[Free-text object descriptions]
▼▼▼

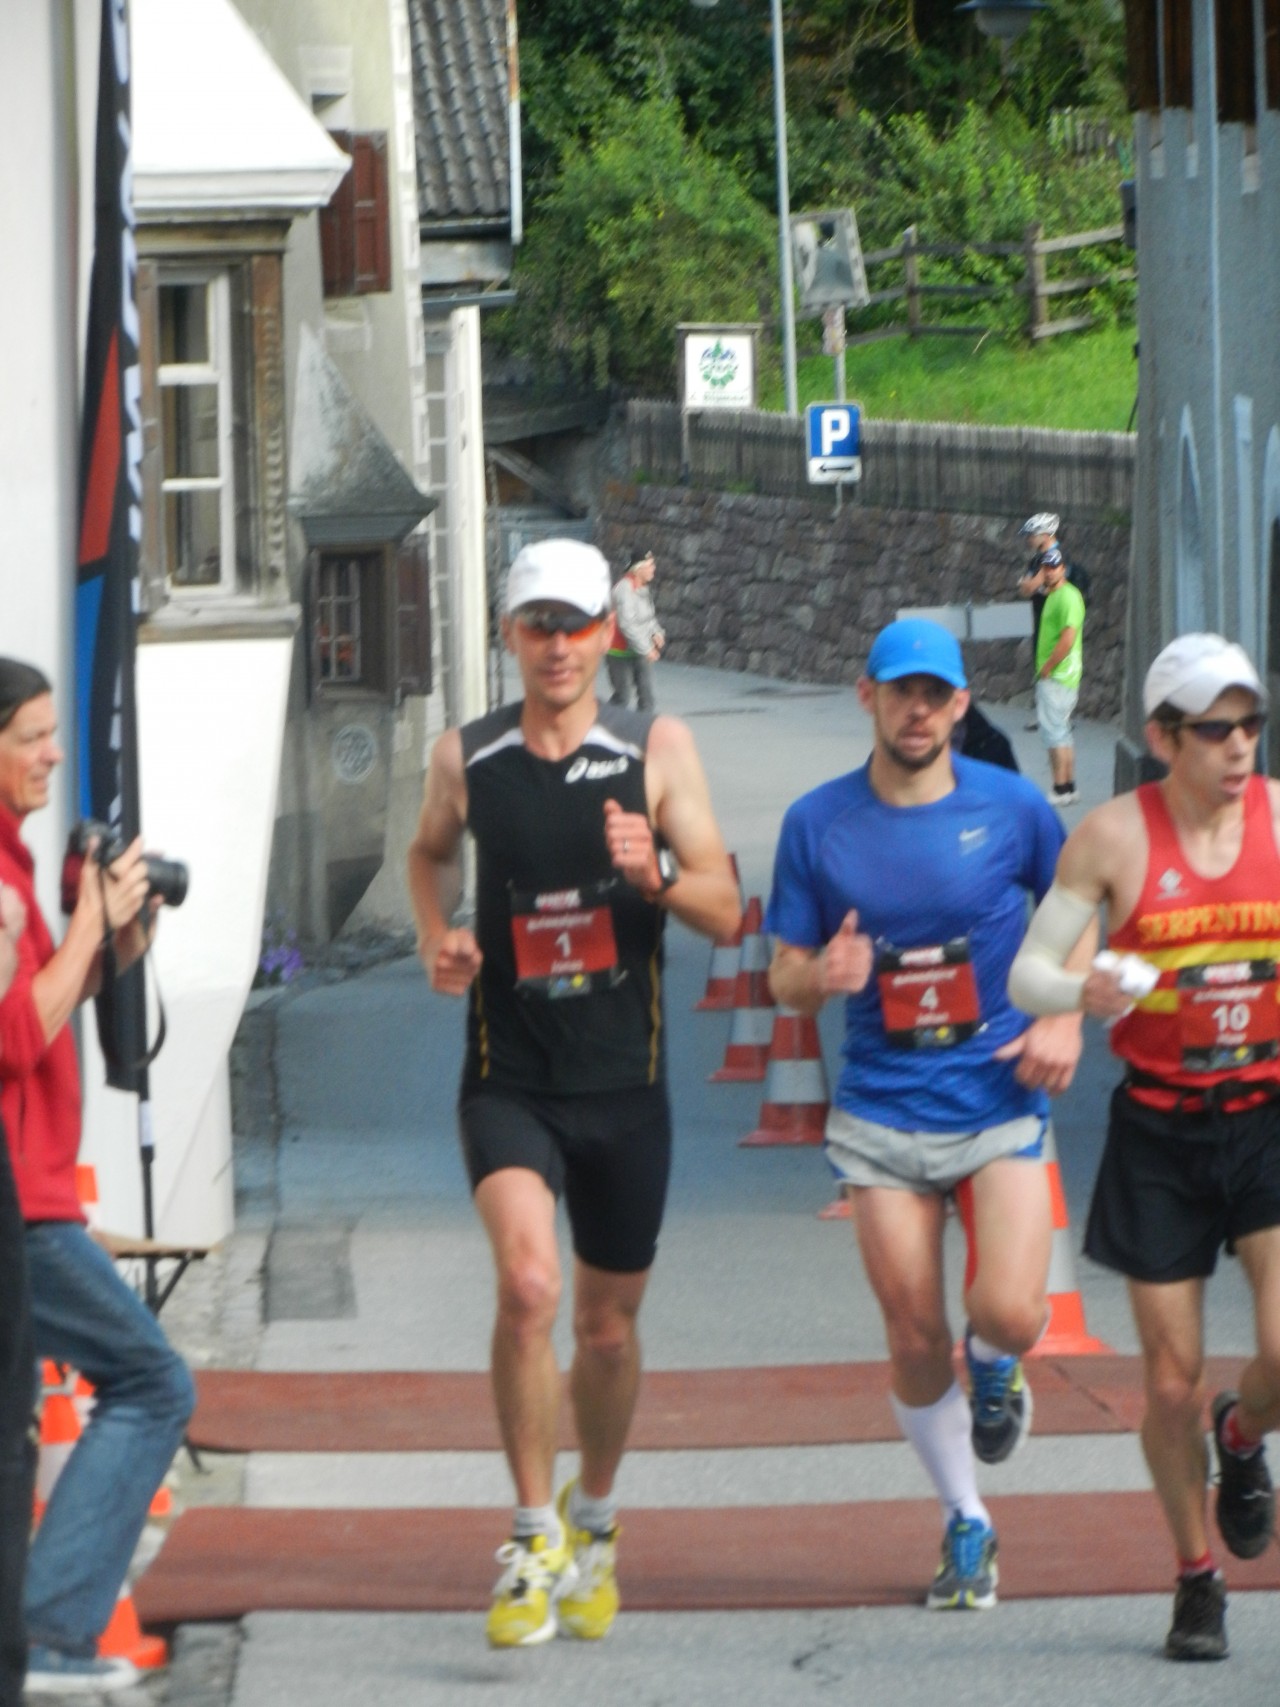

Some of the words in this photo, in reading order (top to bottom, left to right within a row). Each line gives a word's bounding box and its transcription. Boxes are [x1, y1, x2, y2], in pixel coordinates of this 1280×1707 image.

[821, 409, 851, 456] P
[555, 931, 571, 958] 1
[919, 985, 939, 1012] 4
[1211, 1003, 1250, 1032] 10
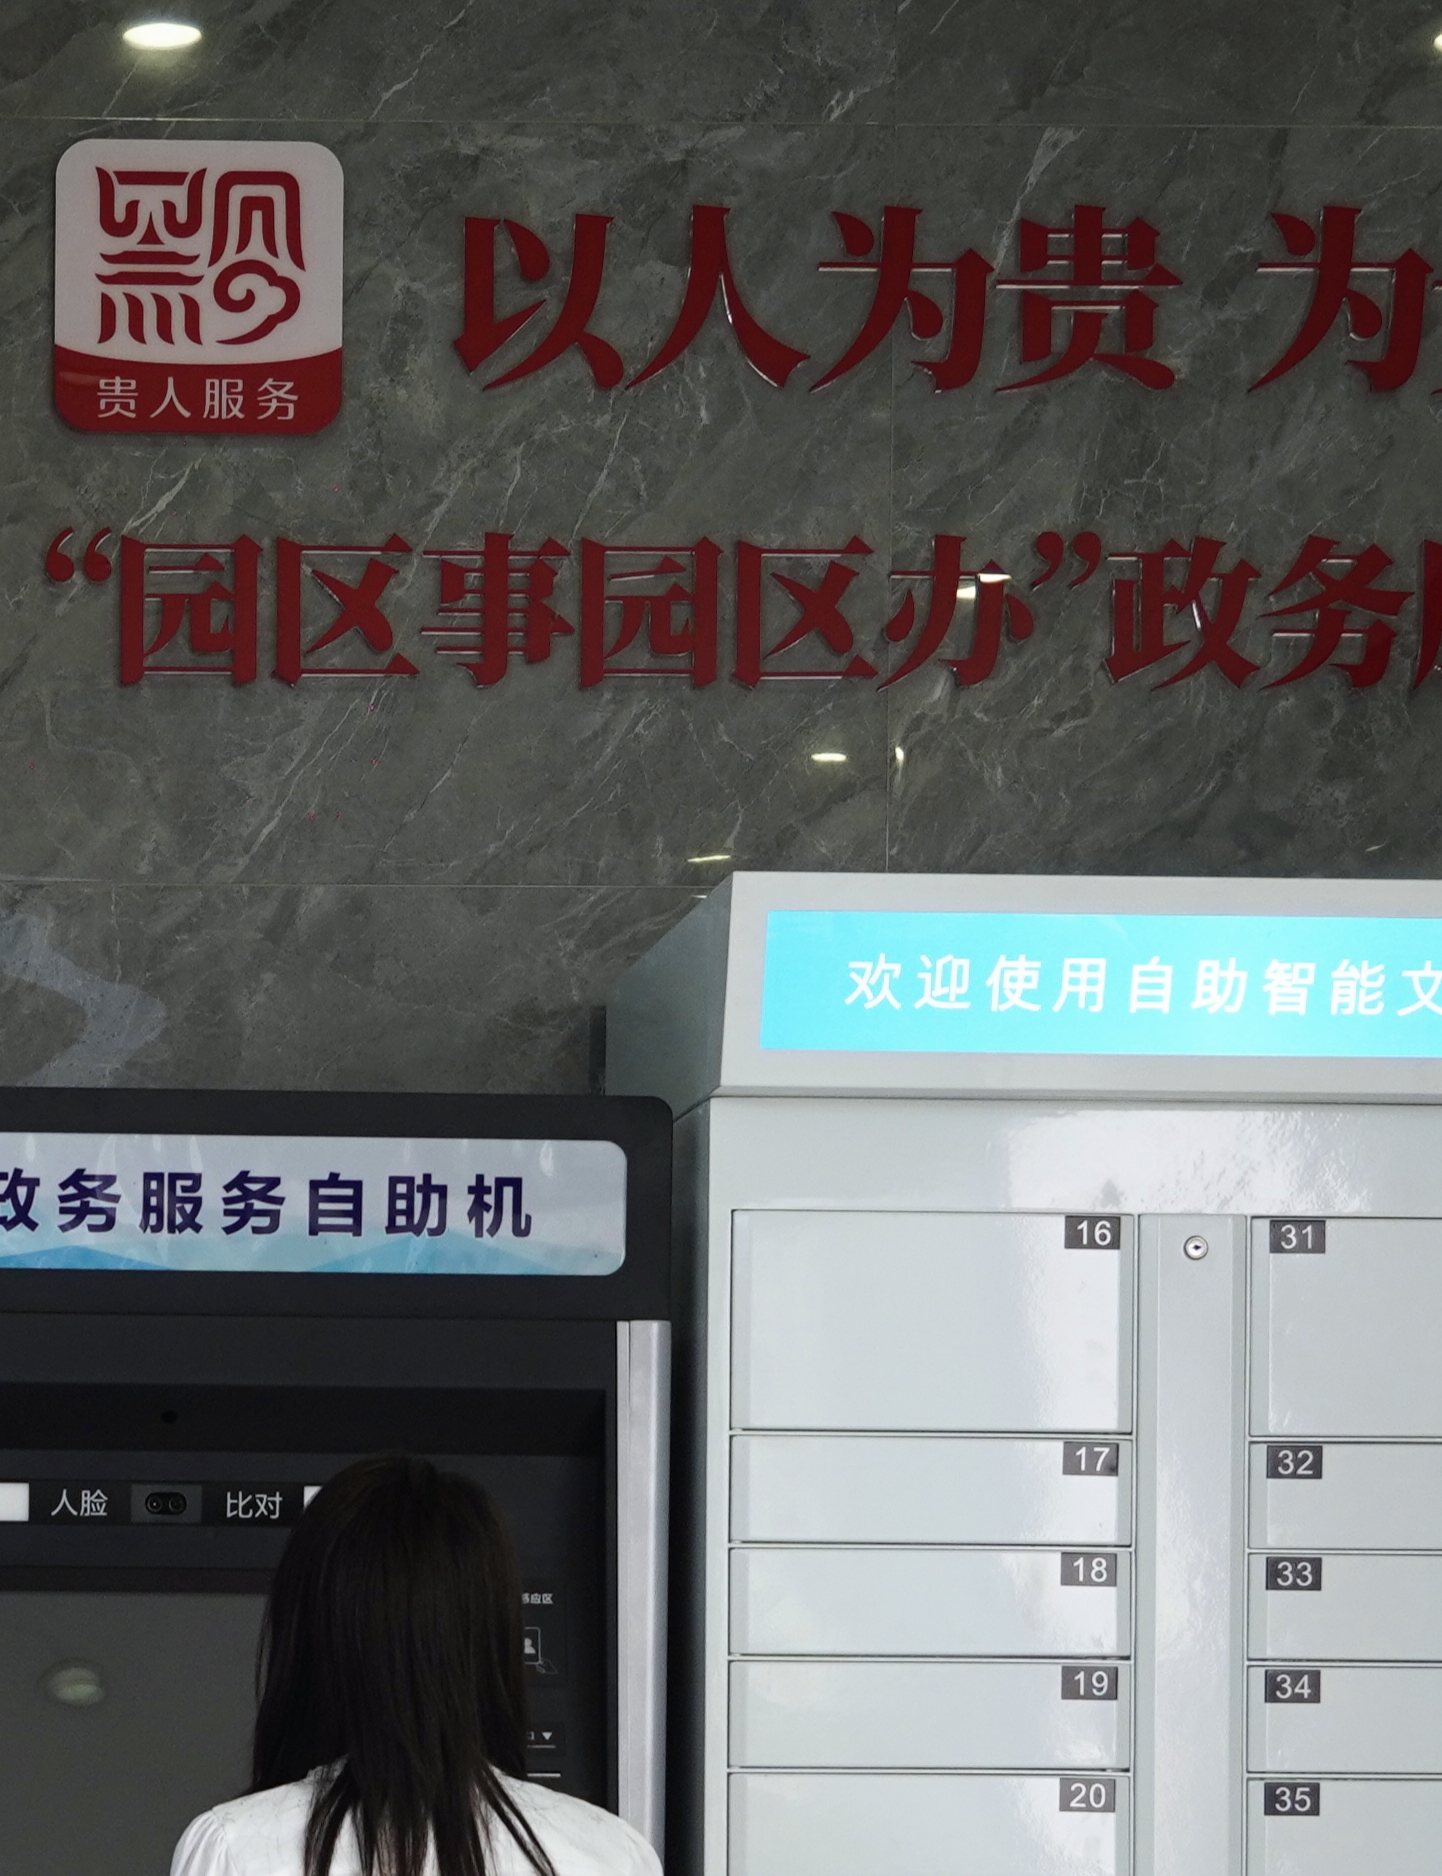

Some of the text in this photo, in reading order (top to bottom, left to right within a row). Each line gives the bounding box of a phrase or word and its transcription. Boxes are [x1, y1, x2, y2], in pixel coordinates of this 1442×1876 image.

[452, 204, 1183, 394] 以人为贵
[96, 377, 300, 422] 贵人服务
[1077, 1221, 1112, 1246] 16
[1280, 1225, 1313, 1250] 31
[1075, 1446, 1110, 1472] 17
[1277, 1449, 1314, 1475] 32
[50, 1488, 108, 1518] 人脸
[225, 1490, 283, 1521] 比对
[1073, 1556, 1108, 1583] 18
[1276, 1561, 1313, 1587] 33
[1074, 1670, 1109, 1696] 19
[1275, 1673, 1312, 1699] 34
[1069, 1782, 1106, 1809] 20
[1275, 1786, 1312, 1812] 35

▲▲▲

Brief –
The records above need to be copied exactly, with the pictures left out.

Exercise response –
Some of the words in this photo, in reading order (top to bottom, left to right within a row). Each line gives a word's bounding box and its transcription. Boxes are [x1, y1, x2, y2], in pixel coordinates of this 1280×1707 image.

[821, 409, 851, 456] P
[555, 931, 571, 958] 1
[919, 985, 939, 1012] 4
[1211, 1003, 1250, 1032] 10

Some of the text in this photo, in reading order (top to bottom, left to right within a row). Each line gives the bounding box of a phrase or word and its transcription. Boxes are [x1, y1, x2, y2], in pixel coordinates of this 1442×1876 image.

[452, 204, 1183, 394] 以人为贵
[96, 377, 300, 422] 贵人服务
[1077, 1221, 1112, 1246] 16
[1280, 1225, 1313, 1250] 31
[1075, 1446, 1110, 1472] 17
[1277, 1449, 1314, 1475] 32
[50, 1488, 108, 1518] 人脸
[225, 1490, 283, 1521] 比对
[1073, 1556, 1108, 1583] 18
[1276, 1561, 1313, 1587] 33
[1074, 1670, 1109, 1696] 19
[1275, 1673, 1312, 1699] 34
[1069, 1782, 1106, 1809] 20
[1275, 1786, 1312, 1812] 35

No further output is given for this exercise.